Write out the entries verbatim and leave the images out of the copy.
.....
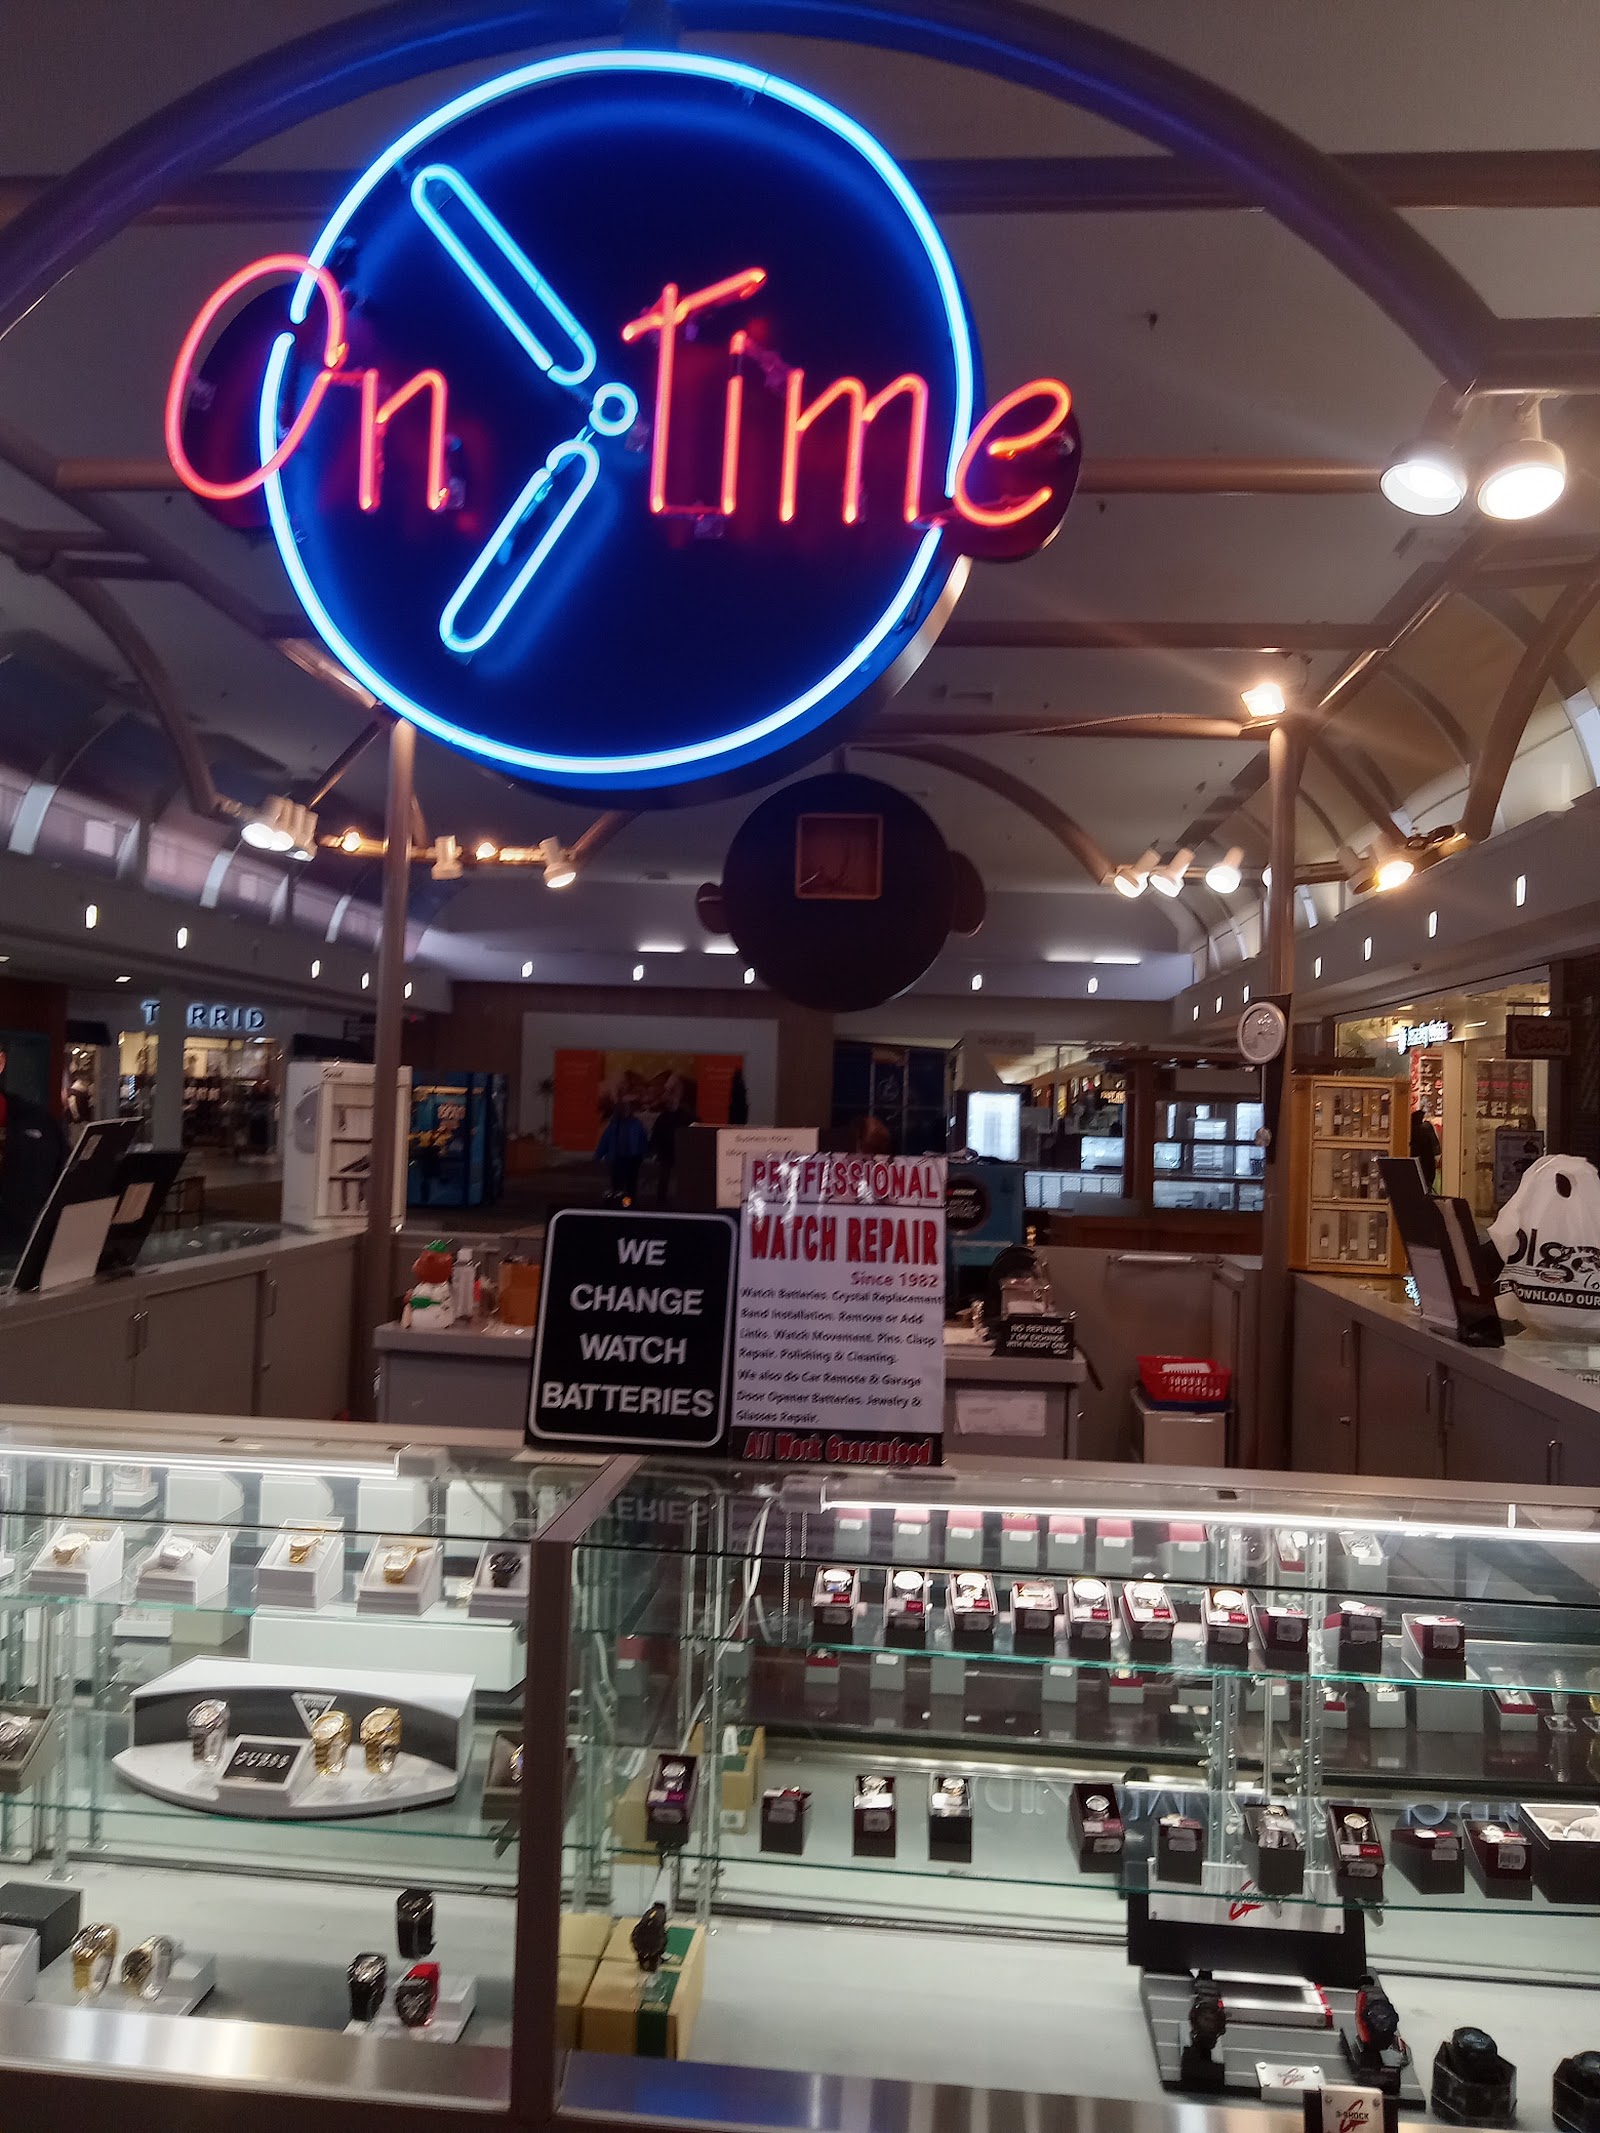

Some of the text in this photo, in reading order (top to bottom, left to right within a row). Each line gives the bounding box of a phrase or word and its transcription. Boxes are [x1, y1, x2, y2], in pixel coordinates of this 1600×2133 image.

[163, 253, 1073, 526] On Time
[140, 999, 266, 1032] TRRID
[751, 1213, 939, 1266] WATCH REPAIR
[616, 1236, 669, 1266] WE
[850, 1271, 939, 1288] Since 1982
[569, 1282, 705, 1316] CHANGE
[740, 1287, 774, 1298] Watch
[831, 1290, 869, 1304] Crystal
[1516, 1285, 1574, 1304] OWNLOAD
[740, 1307, 769, 1320] Band
[838, 1310, 882, 1323] Remove
[884, 1313, 898, 1323] or
[899, 1313, 924, 1325] Add
[773, 1329, 809, 1341] Watch
[905, 1333, 936, 1347] Clasp
[1010, 1323, 1065, 1334] NO REFUNDS
[578, 1332, 689, 1365] WATCH
[779, 1349, 831, 1364] Polishing
[833, 1351, 845, 1362] &
[737, 1369, 922, 1388] We also do Car Remote & Garage
[540, 1380, 716, 1418] BATTERIES
[736, 1390, 765, 1402] Door
[767, 1391, 810, 1405] Opener
[866, 1394, 909, 1409] Jewelry
[911, 1396, 922, 1407] &
[736, 1410, 777, 1422] Glasses
[742, 1431, 934, 1466] All Work Guaranteed
.....
[EXPECTED OUTPUT]
Some of the text in this photo, in reading order (top to bottom, left to right within a row). Each line gives the bounding box of a phrase or word and its transcription. Boxes are [x1, y1, x2, y2], in pixel coordinates of this 1600×2133 image.

[163, 253, 1073, 526] On Time
[140, 999, 266, 1032] TRRID
[751, 1213, 939, 1266] WATCH REPAIR
[616, 1236, 669, 1266] WE
[850, 1271, 939, 1288] Since 1982
[569, 1282, 705, 1316] CHANGE
[740, 1287, 774, 1298] Watch
[831, 1290, 869, 1304] Crystal
[1516, 1285, 1574, 1304] OWNLOAD
[740, 1307, 769, 1320] Band
[838, 1310, 882, 1323] Remove
[884, 1313, 898, 1323] or
[899, 1313, 924, 1325] Add
[773, 1329, 809, 1341] Watch
[905, 1333, 936, 1347] Clasp
[1010, 1323, 1065, 1334] NO REFUNDS
[578, 1332, 689, 1365] WATCH
[779, 1349, 831, 1364] Polishing
[833, 1351, 845, 1362] &
[737, 1369, 922, 1388] We also do Car Remote & Garage
[540, 1380, 716, 1418] BATTERIES
[736, 1390, 765, 1402] Door
[767, 1391, 810, 1405] Opener
[866, 1394, 909, 1409] Jewelry
[911, 1396, 922, 1407] &
[736, 1410, 777, 1422] Glasses
[742, 1431, 934, 1466] All Work Guaranteed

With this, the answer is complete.